Models purpose-built for document parsing, text extraction, and layout analysis.
ArchitectureNotes
dots_ocrdots.ocr / dots.mocr — layout JSON, table/formula extraction
glm_ocrGLM-based OCR
paddleocr_vlPaddleOCR vision-language model

Other architectures

idefics2

IDEFICS2 multi-image model. Video support.

idefics3

IDEFICS3 multi-image model. Video support.

internvl_chat

InternVL chat model.

kimi_vl

Kimi VL from Moonshot AI.

minicpmo

MiniCPM-o omni model — image and audio support.

mistral3

Mistral 3 vision model.

mistral4

Mistral 4 vision model.

molmo

Allen AI Molmo (prompt-only image format).

molmo2

Molmo second generation.

molmo_point

MolmoPoint — pixel-precise pointing and grounding.

moondream3

Moondream3 — 9.27B MoE with ~2B active params.

pixtral

Mistral’s Pixtral vision model.

smolvlm

SmolVLM — compact vision-language model.

aya_vision

Cohere Aya Vision; remapped from cohere2_vision.

jina_vlm

Jina VLM; remapped from jvlm.

florence2

Florence-2 (prompt-only format).

hunyuan_vl

Tencent Hunyuan VL.

lfm2_vl

LFM2-VL; remapped from lfm2-vl.

ernie4_5_moe_vl

Baidu ERNIE 4.5 MoE VL.

glm4v / glm4v_moe

GLM-4V and its MoE variant.

sam3 / sam3_1

SAM3 and SAM3.1 visual models.

multi_modality

Generic multi-modality architecture (single-image only).

Capability summary

CapabilitySupported architectures
Audio inputgemma3n, qwen3_omni_moe, minicpmo, phi4mm
Video inputqwen2_vl, qwen2_5_vl, idefics3, llava
Multi-imageAll except llava_next, llava-qwen2, bunny-llama, paligemma, multi_modality, mllama
Fine-tuning (LoRA/QLoRA)All except gemma3n, qwen3_omni_moe
Thinking/reasoning budgetqwen3_5, qwen3_5_moe, and any model that emits <think> tokens
Pointing/groundingmolmo_point, deepseekocr, deepseekocr_2

Finding pre-quantized models

The mlx-community organization on Hugging Face hosts quantized versions of most supported models.
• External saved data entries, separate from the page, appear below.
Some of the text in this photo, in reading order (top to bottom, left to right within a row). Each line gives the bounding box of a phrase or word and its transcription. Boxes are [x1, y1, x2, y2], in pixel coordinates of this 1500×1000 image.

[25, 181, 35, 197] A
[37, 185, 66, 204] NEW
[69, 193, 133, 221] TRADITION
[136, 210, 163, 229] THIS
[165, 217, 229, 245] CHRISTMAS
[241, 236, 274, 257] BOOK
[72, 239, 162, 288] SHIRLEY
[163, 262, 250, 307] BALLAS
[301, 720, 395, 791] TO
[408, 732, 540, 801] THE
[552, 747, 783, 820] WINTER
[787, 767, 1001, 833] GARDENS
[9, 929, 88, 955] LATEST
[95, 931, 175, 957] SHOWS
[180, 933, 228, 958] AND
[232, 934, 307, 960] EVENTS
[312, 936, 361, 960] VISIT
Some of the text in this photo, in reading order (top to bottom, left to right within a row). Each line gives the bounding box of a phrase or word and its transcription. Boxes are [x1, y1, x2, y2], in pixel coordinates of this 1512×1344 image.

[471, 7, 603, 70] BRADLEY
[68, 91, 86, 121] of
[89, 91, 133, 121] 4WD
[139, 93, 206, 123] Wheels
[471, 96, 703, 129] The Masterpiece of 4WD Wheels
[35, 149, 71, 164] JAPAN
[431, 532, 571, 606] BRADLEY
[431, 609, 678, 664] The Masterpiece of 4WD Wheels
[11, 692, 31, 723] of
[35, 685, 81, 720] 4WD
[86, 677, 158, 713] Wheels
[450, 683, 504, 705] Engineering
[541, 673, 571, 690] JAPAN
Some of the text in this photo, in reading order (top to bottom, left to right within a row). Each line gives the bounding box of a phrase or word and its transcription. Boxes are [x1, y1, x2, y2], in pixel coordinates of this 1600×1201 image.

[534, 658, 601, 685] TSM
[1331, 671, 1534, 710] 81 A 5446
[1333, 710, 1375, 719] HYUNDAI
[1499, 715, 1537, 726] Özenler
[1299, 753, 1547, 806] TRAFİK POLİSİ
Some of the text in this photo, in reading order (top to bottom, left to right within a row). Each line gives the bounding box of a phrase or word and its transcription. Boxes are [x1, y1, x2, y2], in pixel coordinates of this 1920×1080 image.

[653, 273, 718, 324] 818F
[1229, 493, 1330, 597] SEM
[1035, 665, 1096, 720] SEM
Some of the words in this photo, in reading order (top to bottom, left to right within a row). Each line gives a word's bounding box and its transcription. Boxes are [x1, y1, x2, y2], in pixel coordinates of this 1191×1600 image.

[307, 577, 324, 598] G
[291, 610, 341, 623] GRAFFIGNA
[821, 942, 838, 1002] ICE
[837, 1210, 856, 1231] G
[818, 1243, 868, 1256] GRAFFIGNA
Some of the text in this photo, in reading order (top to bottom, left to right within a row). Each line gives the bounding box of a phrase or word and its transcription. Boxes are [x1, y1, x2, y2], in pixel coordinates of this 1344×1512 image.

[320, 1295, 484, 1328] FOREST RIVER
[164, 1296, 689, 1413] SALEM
Pass the repo ID directly to any MLX-VLM command:
mlx_vlm.generate \
  --model mlx-community/Qwen2-VL-2B-Instruct-4bit \
  --prompt "Describe this image." \
  --image path/to/image.jpg
If a model is not yet available in mlx-community, you can convert it yourself using mlx_vlm.convert. See model conversion for details.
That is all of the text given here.